In choosing Murakami as a collaborator, the superflat art style—a term coined by the artist himself in years previous—took center stage in luxury fashion for the first time. The term refers to the way visuals are compressed and flattened in Japanese art and animation styles, embracing two-dimensionality. "I'd been thinking about the reality of Japanese drawing and painting and how it is different from Western art. What is important in Japanese art is the feeling of flatness. Our culture doesn't have 3-D," Murakami once said in an interview with Artnet. "Even Nintendo, when it uses 3-D, the Japanese version looks different from the U.S. version.”

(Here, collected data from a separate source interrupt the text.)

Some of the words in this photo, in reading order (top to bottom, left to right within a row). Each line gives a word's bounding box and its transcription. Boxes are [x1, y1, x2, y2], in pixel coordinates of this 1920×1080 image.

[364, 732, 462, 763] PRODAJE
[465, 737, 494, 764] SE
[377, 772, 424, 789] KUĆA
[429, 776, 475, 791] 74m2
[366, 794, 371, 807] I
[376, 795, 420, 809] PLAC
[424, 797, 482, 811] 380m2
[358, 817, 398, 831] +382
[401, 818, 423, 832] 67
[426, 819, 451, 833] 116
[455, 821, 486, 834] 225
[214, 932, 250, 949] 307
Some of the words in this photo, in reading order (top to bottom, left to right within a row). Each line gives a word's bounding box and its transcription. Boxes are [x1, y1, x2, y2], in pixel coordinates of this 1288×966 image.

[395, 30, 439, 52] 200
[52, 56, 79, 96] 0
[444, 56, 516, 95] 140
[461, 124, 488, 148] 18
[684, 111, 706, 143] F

When the first Louis Vuitton x Takashi Murakami collaboration was released in 2003, the standard Louis Vuitton monogram was rarely repurposed, redesigned, or reimaged, but Jacobs felt Murakami’s style warranted it, allowing the now landmark multicolor monogram bag on white and black leather canvases to be born. Additional Japanese inspiration also appeared across the collection, from cherry blossom trees to manga-inspired cartoon pandas, and even Murakami’s famed “Eye Love” motif that was previously seen on his Issey Miyake pieces made multiple appearances. When the highly anticipated collection officially released, what happened next was nothing short of historic.

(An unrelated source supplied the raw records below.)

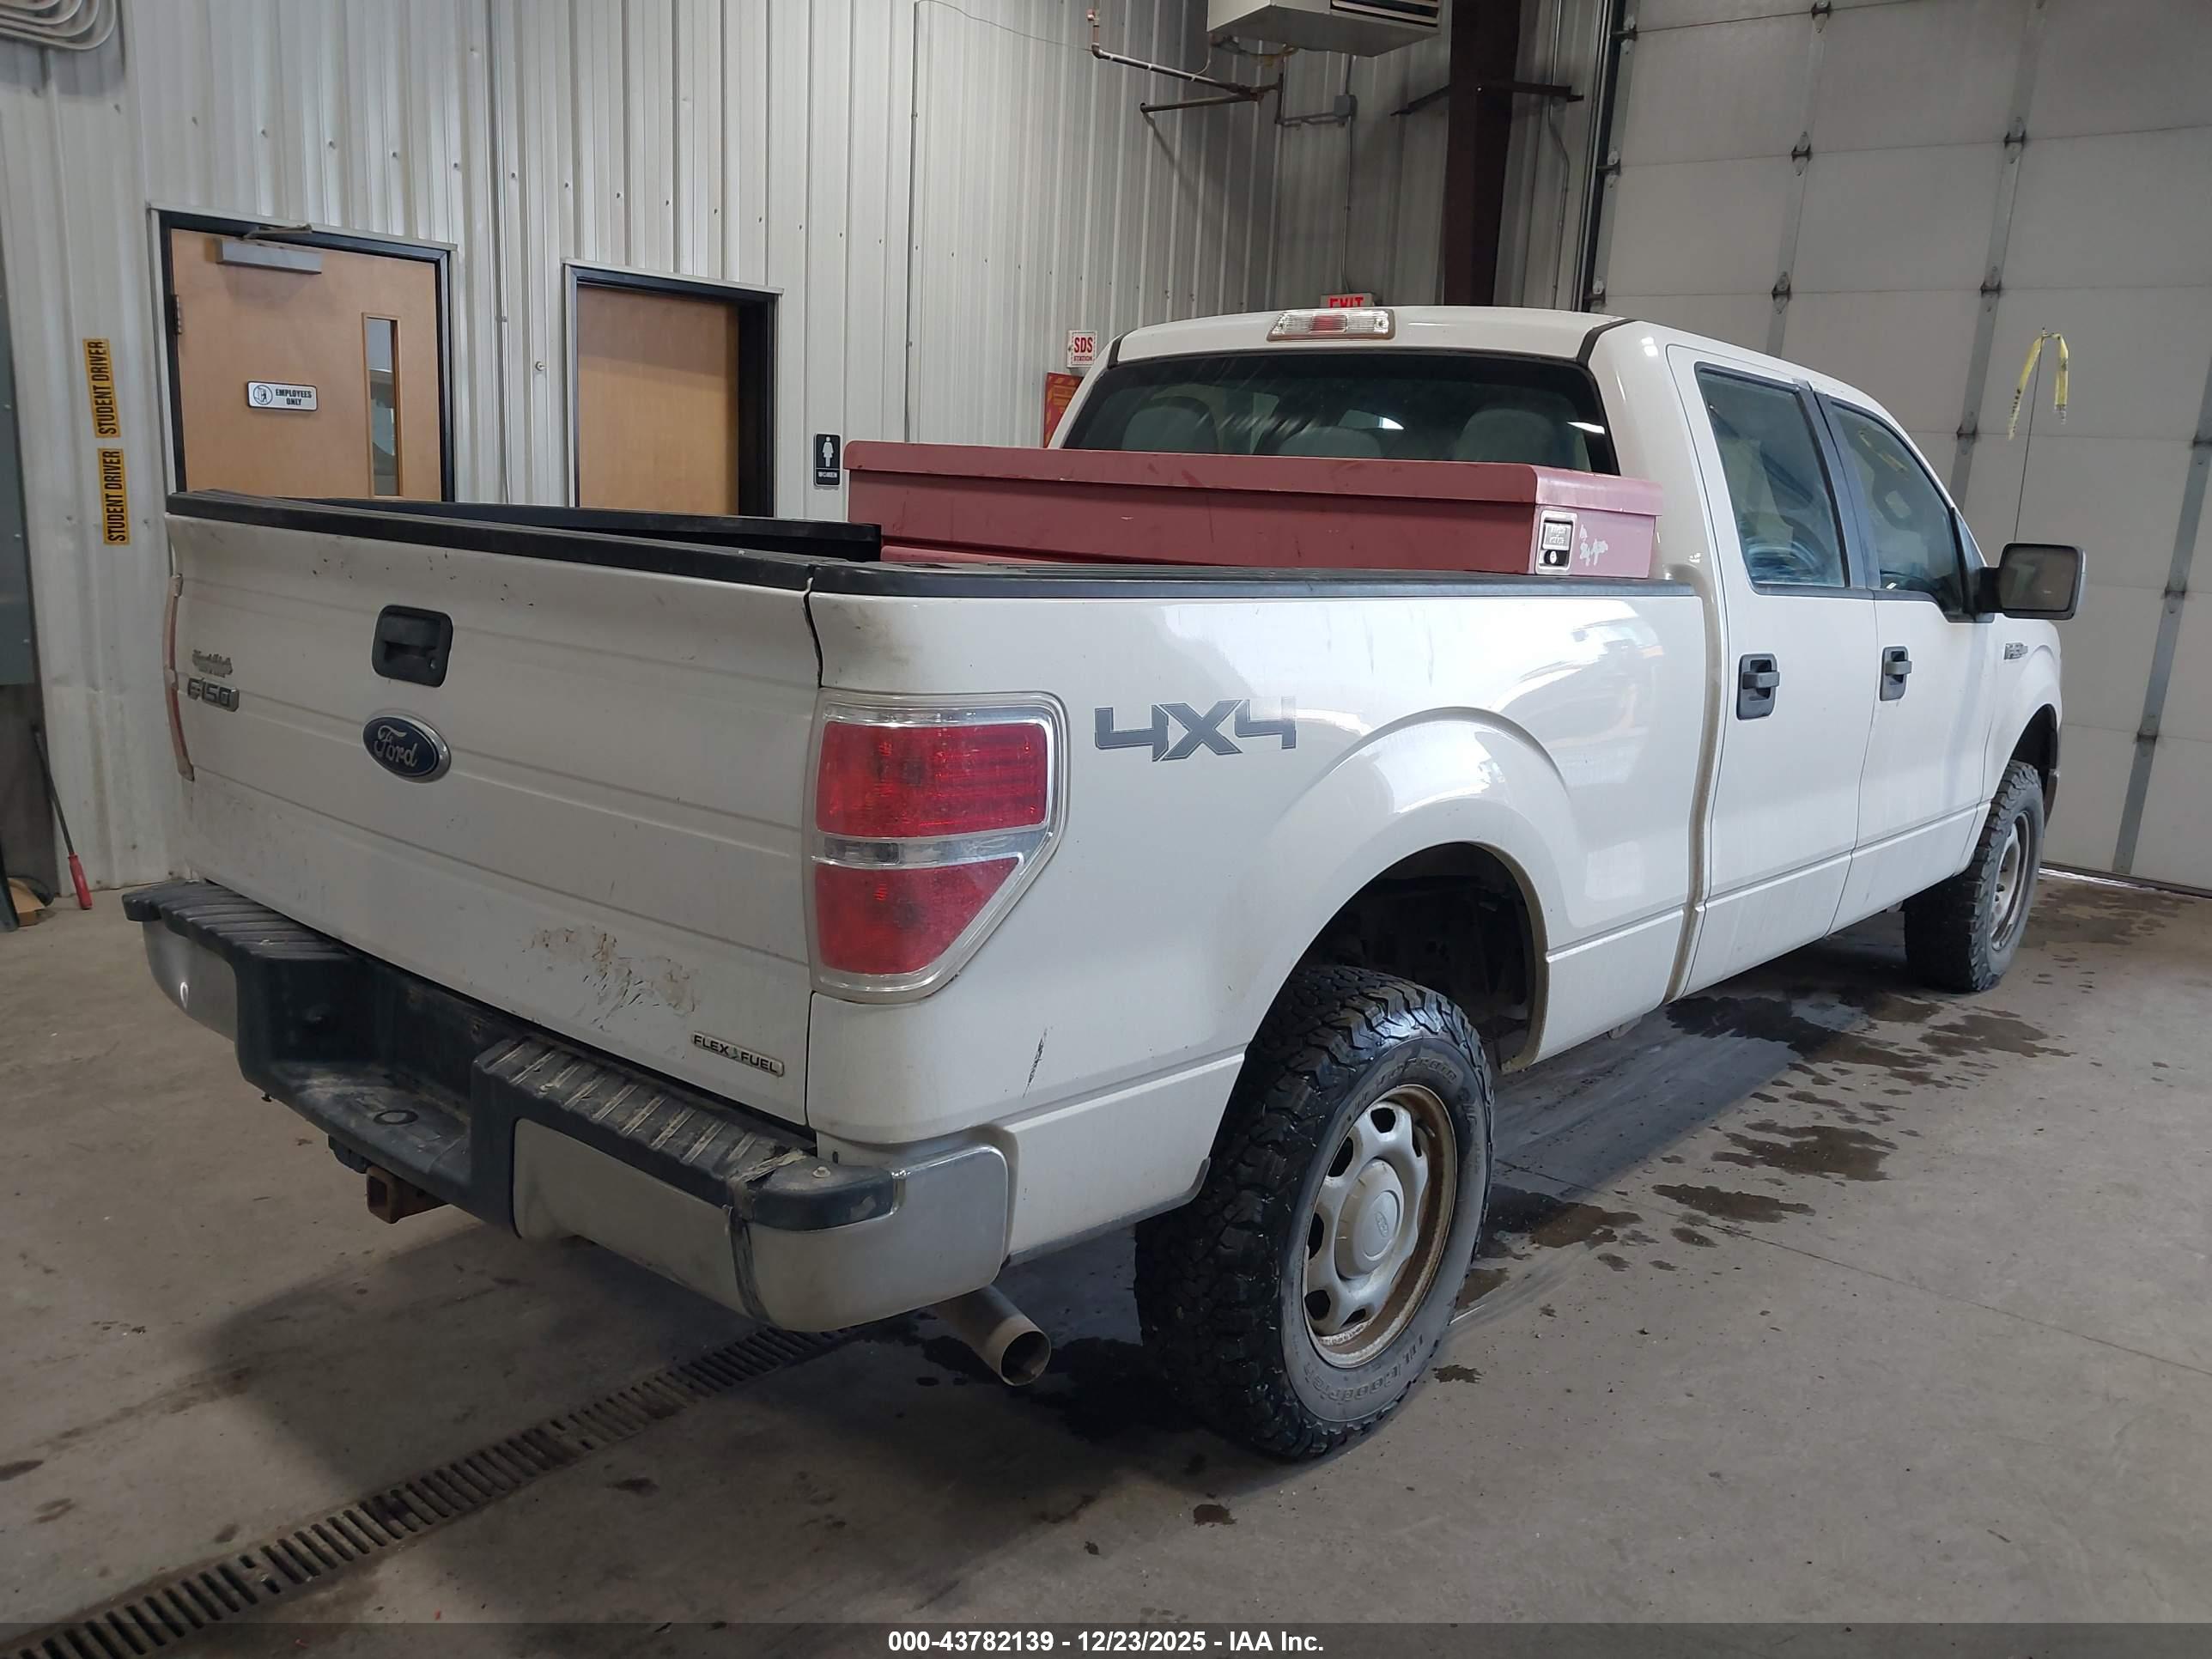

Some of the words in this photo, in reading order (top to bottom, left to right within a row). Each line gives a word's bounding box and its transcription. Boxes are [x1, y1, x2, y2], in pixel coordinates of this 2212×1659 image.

[87, 341, 111, 381] DRIVER
[1073, 337, 1093, 353] SDS
[93, 385, 117, 434] STUDENT
[275, 388, 313, 398] EMPLOYEES
[286, 398, 302, 406] ONLY
[102, 451, 123, 489] DRIVER
[105, 493, 126, 541] STUDENT
[374, 724, 418, 768] Ford
[693, 1034, 730, 1056] FLEX
[740, 1050, 779, 1074] FUEL

In Paris, the collection sold out in a matter of minutes, while in New York, shoppers joined waitlists by the hundreds. The new designs became an instant hit, and all of popular culture embraced the new candy-colored bags with every socialite and celebrity of the 2000s—from Paris Hilton to Naomi Campbell—wearing Murakami’s designs. One of the most iconic movie characters of the era, Regina George (Rachel McAdams), even sported the collection in Mean Girls. For those who couldn’t wait to get their hands on the real thing or were turned off by the price tag, counterfeit sellers brought the bags to the masses. According to the fashion industry trade journal WWD in 2003, market sources put sales of the Murakami bags at $345 million the year of its release, which accounted for about 10 percent of the brand’s entire revenue. Murakami and Jacobs had officially created the it-bag of the millennium.
It’s unclear whether Louis Vuitton anticipated the cultural phenomenon that resulted from the initial iteration of this collaboration, but it’s evident that the brand recognizes it now and whether it’s an apt homage to the Y2K era or a fashion recession indicator, Louis Vuitton plans to continue capitalizing on it. As Jacobs once said to Vogue regarding the collaboration, "it has been, and continues to be, a monumental marriage of art and commerce.”